Excerpted records START

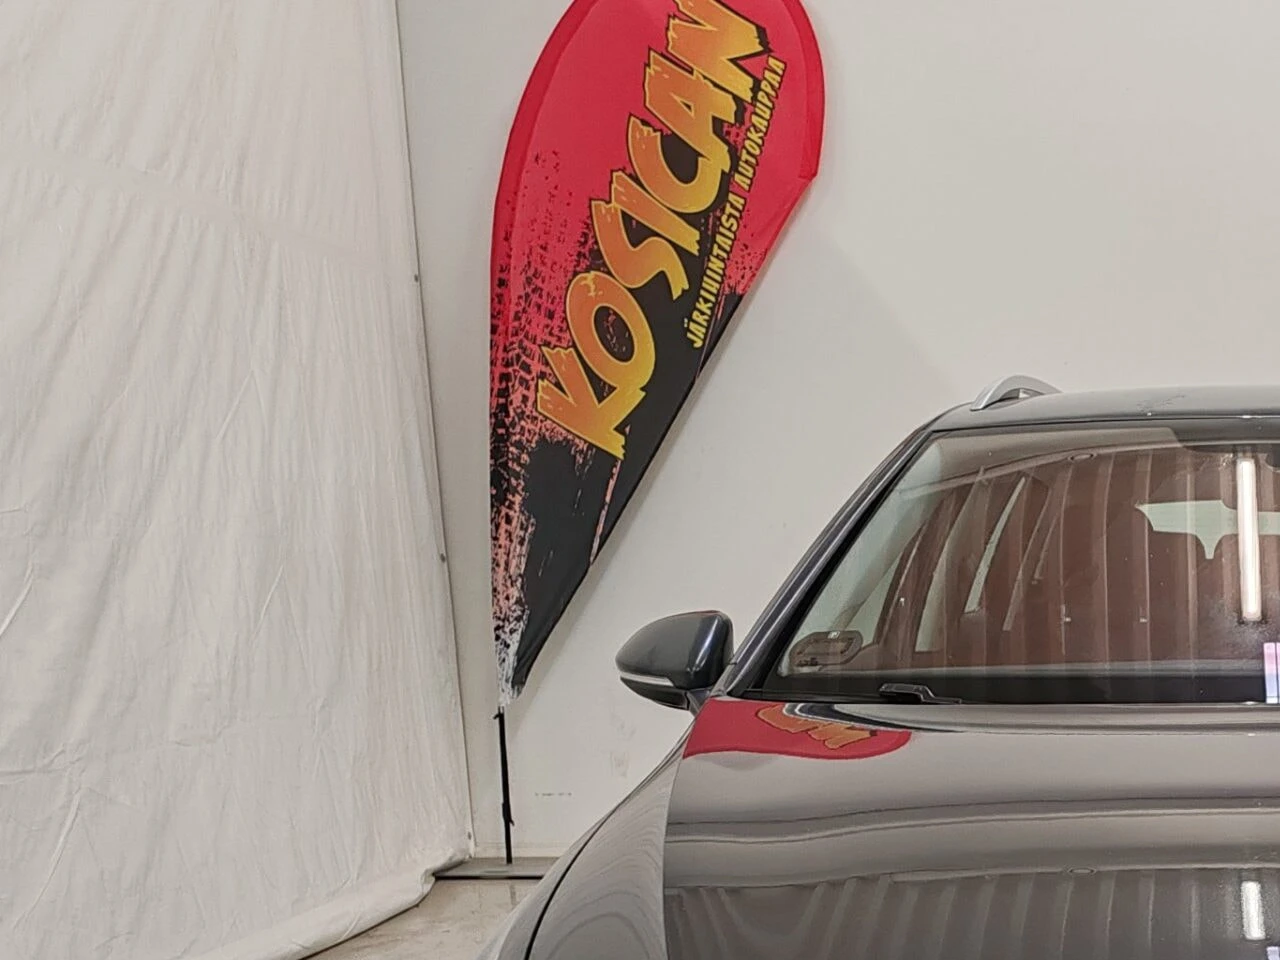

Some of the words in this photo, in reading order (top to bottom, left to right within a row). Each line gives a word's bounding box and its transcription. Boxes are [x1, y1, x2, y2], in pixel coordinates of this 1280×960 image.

[537, 0, 765, 460] KOSICAN
[683, 192, 746, 349] JÄRKIHINTAISTA
[734, 55, 787, 191] AUTOKAUPPAA
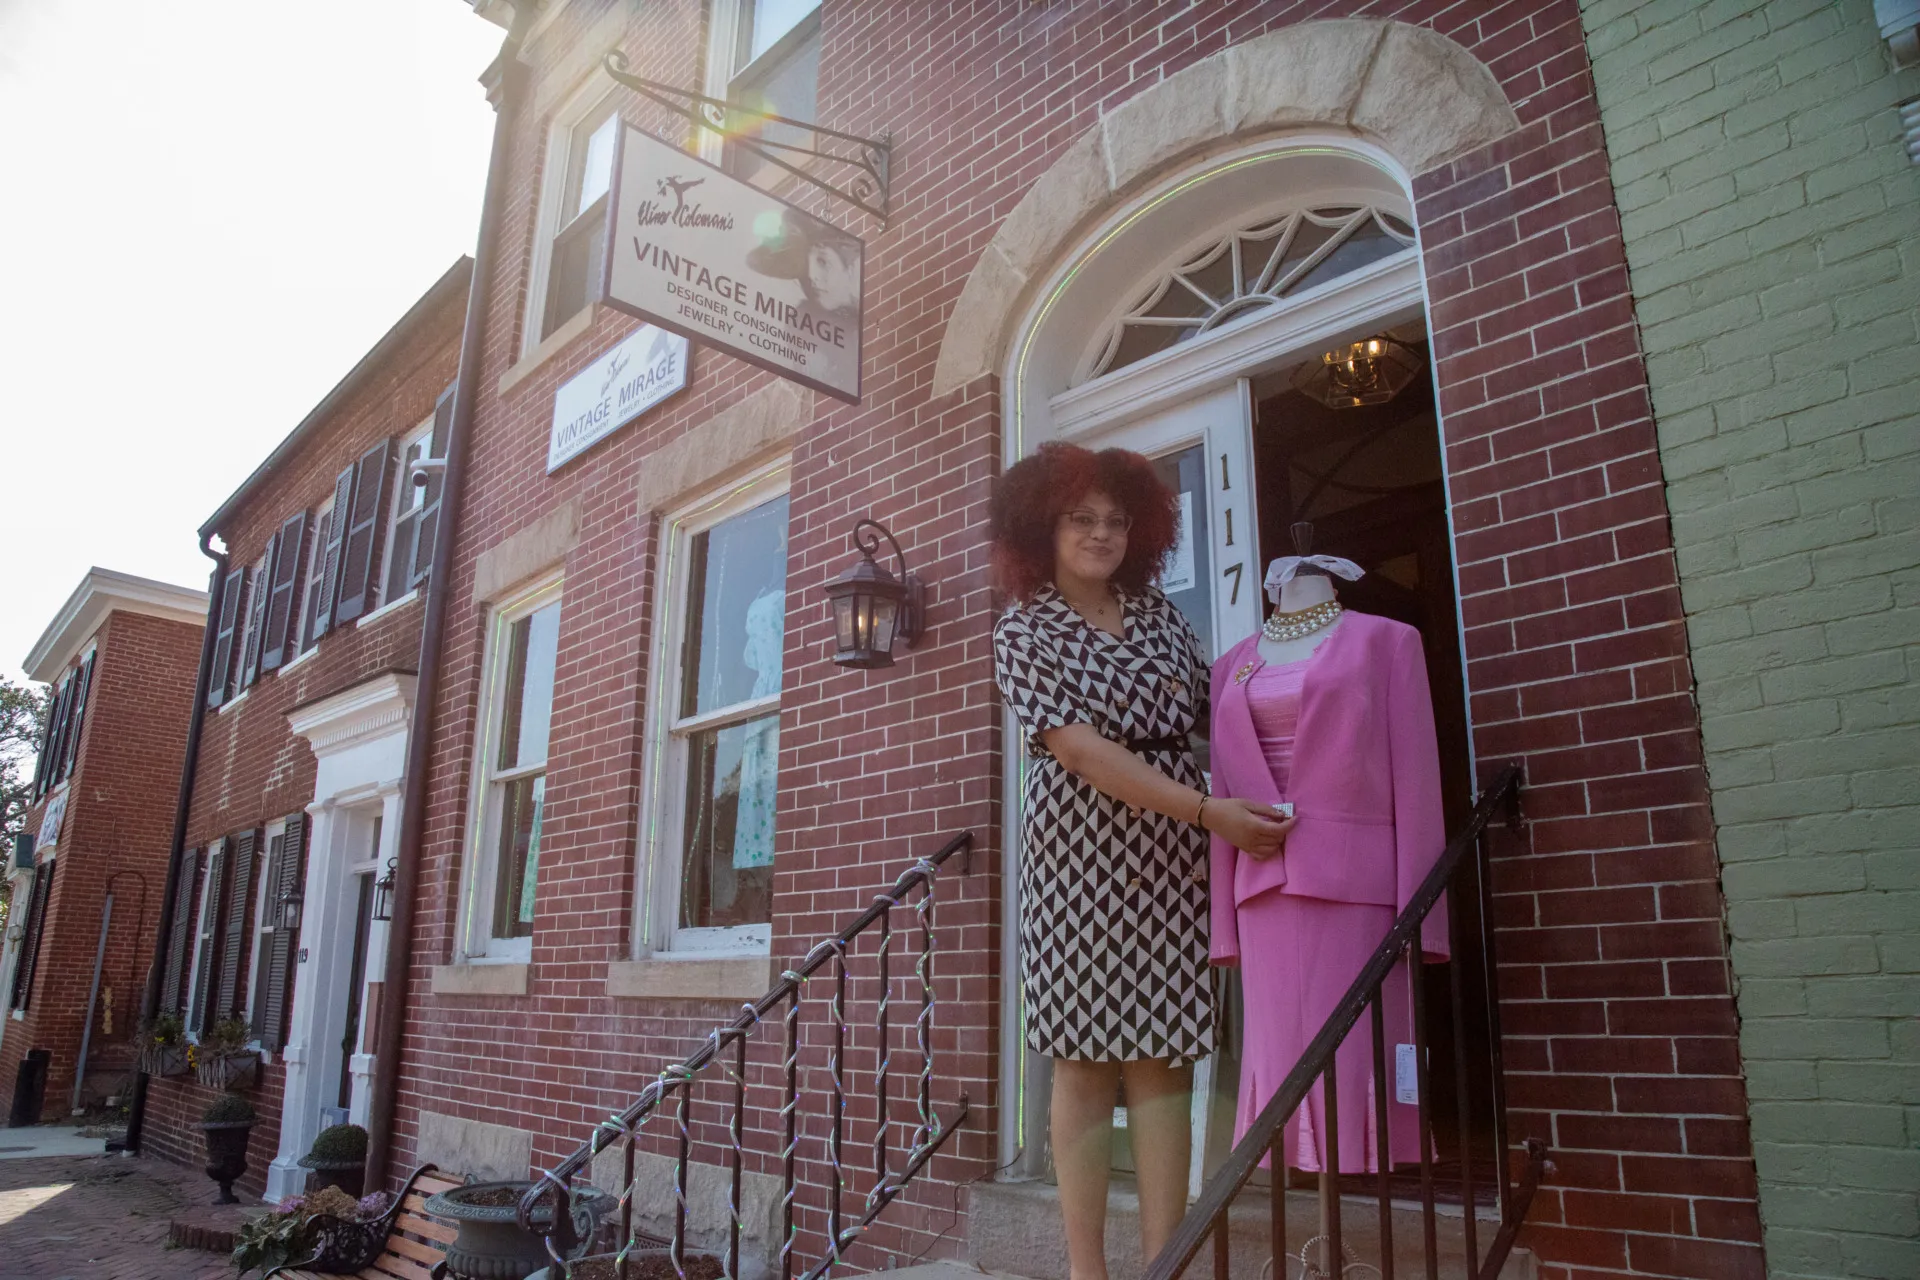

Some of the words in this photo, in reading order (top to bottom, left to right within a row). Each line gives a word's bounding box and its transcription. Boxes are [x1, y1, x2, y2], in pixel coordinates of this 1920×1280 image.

[679, 203, 734, 231] Coleman's
[633, 236, 747, 306] VINTAGE
[754, 291, 845, 349] MIRAGE
[667, 281, 728, 317] DESIGNER
[733, 310, 818, 354] CONSIGNMENT
[677, 303, 734, 335] JEWELRY
[748, 333, 807, 366] CLOTHING
[557, 396, 612, 449] VINTAGE
[618, 352, 676, 408] MIRAGE
[646, 377, 675, 400] CLOTHING
[1220, 453, 1243, 606] 117
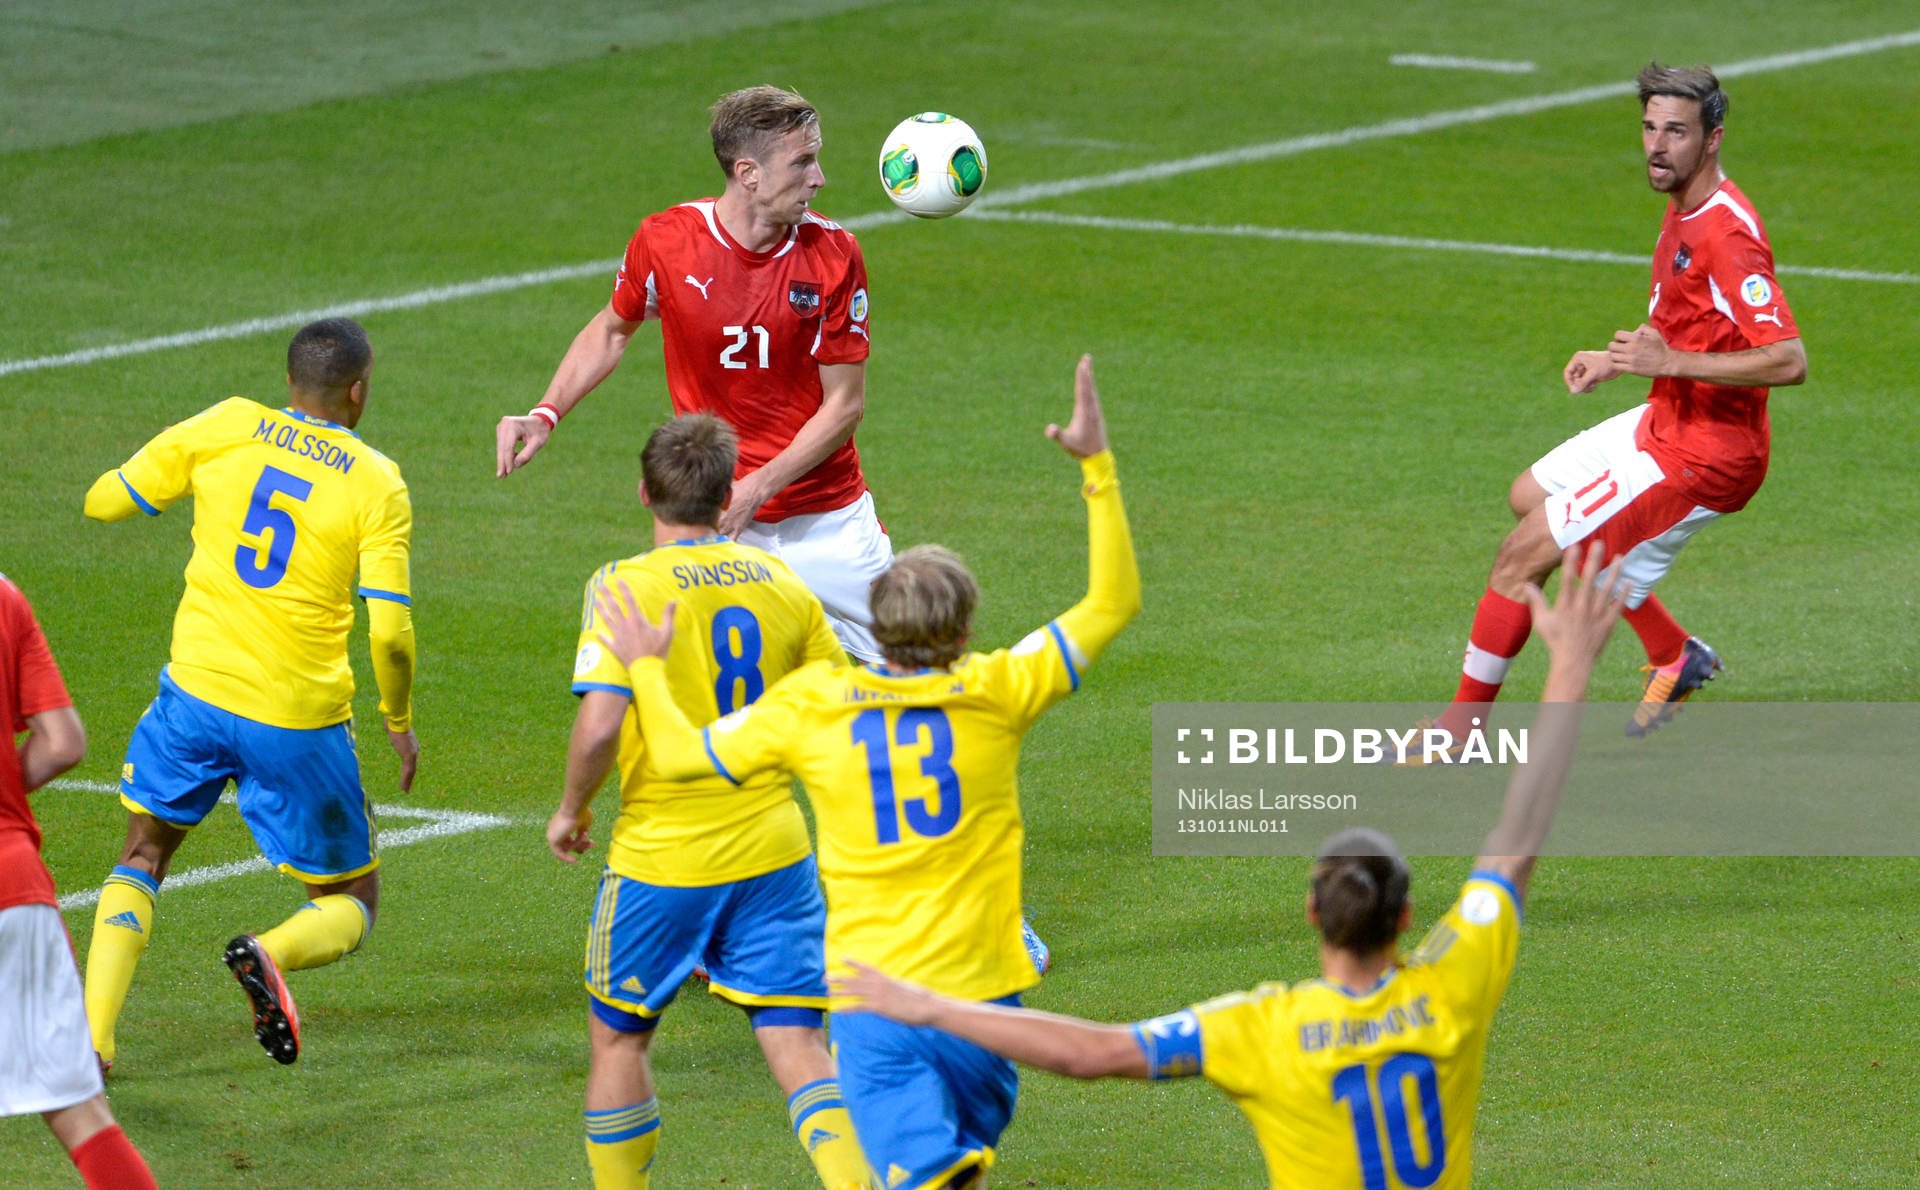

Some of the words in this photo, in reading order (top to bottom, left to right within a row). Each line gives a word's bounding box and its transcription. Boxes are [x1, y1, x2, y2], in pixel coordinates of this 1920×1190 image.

[720, 325, 770, 369] 21
[252, 418, 356, 474] M.OLSSON
[1574, 469, 1618, 518] 11
[234, 464, 314, 589] 5
[712, 605, 765, 718] 8
[851, 707, 962, 845] 13
[1331, 1051, 1447, 1190] 10

Excerpted records END

Problem details:
Write out again only the lines from the one with "this 1920×1190 image." through the last line of the records above. Keep every word as it stands.

Task answer:
Some of the words in this photo, in reading order (top to bottom, left to right within a row). Each line gives a word's bounding box and its transcription. Boxes are [x1, y1, x2, y2], in pixel coordinates of this 1920×1190 image.

[720, 325, 770, 369] 21
[252, 418, 356, 474] M.OLSSON
[1574, 469, 1618, 518] 11
[234, 464, 314, 589] 5
[712, 605, 765, 718] 8
[851, 707, 962, 845] 13
[1331, 1051, 1447, 1190] 10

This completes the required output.